Living Our Tradition: Sponsorship as a Prophetic Voice: This session presents basic aspects of the rich history, development and themes of Catholic social teaching. It is based in Scripture and essential documents since the late 19th century, the time of Pope Leo XIII. There is an emphasis on the underlying principles of a spirituality of discernment and how to apply communal discernment to decision-making from the lens of sponsor as prophetic voice. The history, development and principles of the Ethical and Religious Directives for Catholic Health Care Services also are presented and discussed.
Sponsorship Today — A Sign of Hope: This session provides an understanding of the biblical tradition of servanthood as foundational to Catholic health care. There is an articulation of the essential role of the laity in the ministry of sponsorship, a focus on the necessity of spiritual leadership and an identification of current issues in U.S. health care, as well as the impact of those issues on the Catholic health ministry.
CONCLUSION
God indeed is doing something new in our midst, continually calling for new and creative responses to the needs of God's people through the ministry of sponsorship in health care. The laity are called to be partners in this ministry, even as their essential role is to bring about the transformation of society: "'They live in the ordinary circumstances of family and social life, from which the very fabric of their existence is woven.' … The 'world' . . . becomes the place and the means for the lay faithful to fulfill their Christian vocation."4
The model of sponsored ministries creates a nexus and unique intersection between the mission of the church and society, as laity respond to being deeply involved in the service of sponsorship in Catholic health care. These new and evolving models of sponsorship provide a creative opportunity to pass on the rich legacy of the mission of Catholic health care.
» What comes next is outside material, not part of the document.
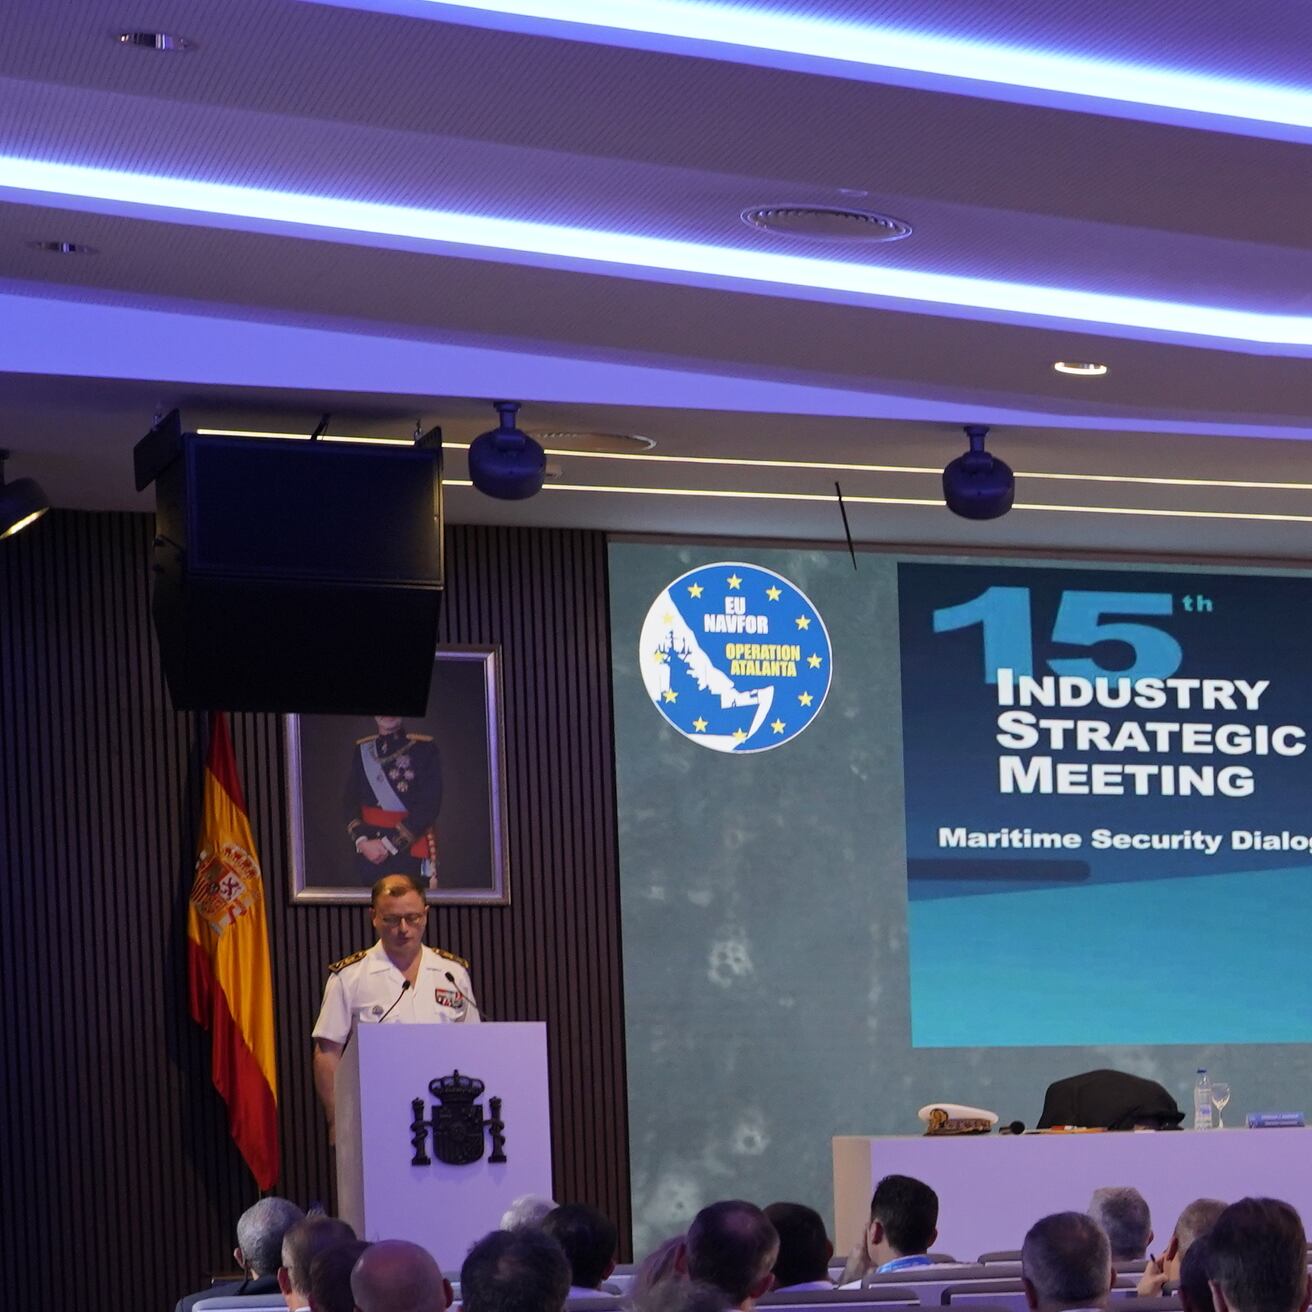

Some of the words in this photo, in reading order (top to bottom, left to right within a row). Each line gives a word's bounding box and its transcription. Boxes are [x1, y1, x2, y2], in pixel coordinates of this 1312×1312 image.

A hallmark of the two original sponsor formation programs was careful discernment of the needs of the participants and the changing landscape of health care. And this will be the challenge for the future: providing meaningful and relevant ministry formation for sponsor members (and those who work with them) so they can be a prophetic voice while handing on a living legacy of care.
Pope Francis writes compellingly of this: "Concerning mission, we need to remember that its urgency derives from its inner motivation; in other words, it is about handing on a legacy. As for method, it is essential to realize that a legacy is about witness, it is like the baton in a relay race: You don't throw it up in the air for whoever is able to catch it, so that anyone who doesn't catch it has to manage without. In order to transmit a legacy, one needs to hand it over personally, to touch the one to whom one wants to give, to relay, this inheritance."5
SR. CATHERINE O'CONNOR, CSB, is Congregational Leader, Sisters of St. Brigid, Waltham, Massachusetts.
THOMAS H. MORRIS is senior vice president, sponsorship and theology, Bon Secours Health System, Marriottsville, Maryland.
NOTES
- Mary Kathryn Grant and Patricia Vandenberg, After We're Gone: Creating Sustainable Sponsorship (Mishawaka, Indiana: Ministry Development Resources, 1998).
- Benedict XVI, Deus Caritas Est, paragraph 31a.
- Sr. Concilia Moran, RSM, "Sponsorship: The Uneasy Question," Hospital Progress, 59, no. 10 (October 1978): 52.
- John Paul II, Christifideles Laici, paragraph 15.
- Pope Francis, Meeting with the Bishops of Brazil on the Occasion of the XXVIII World Youth Day, Rio de Janeiro, July 28, 2013.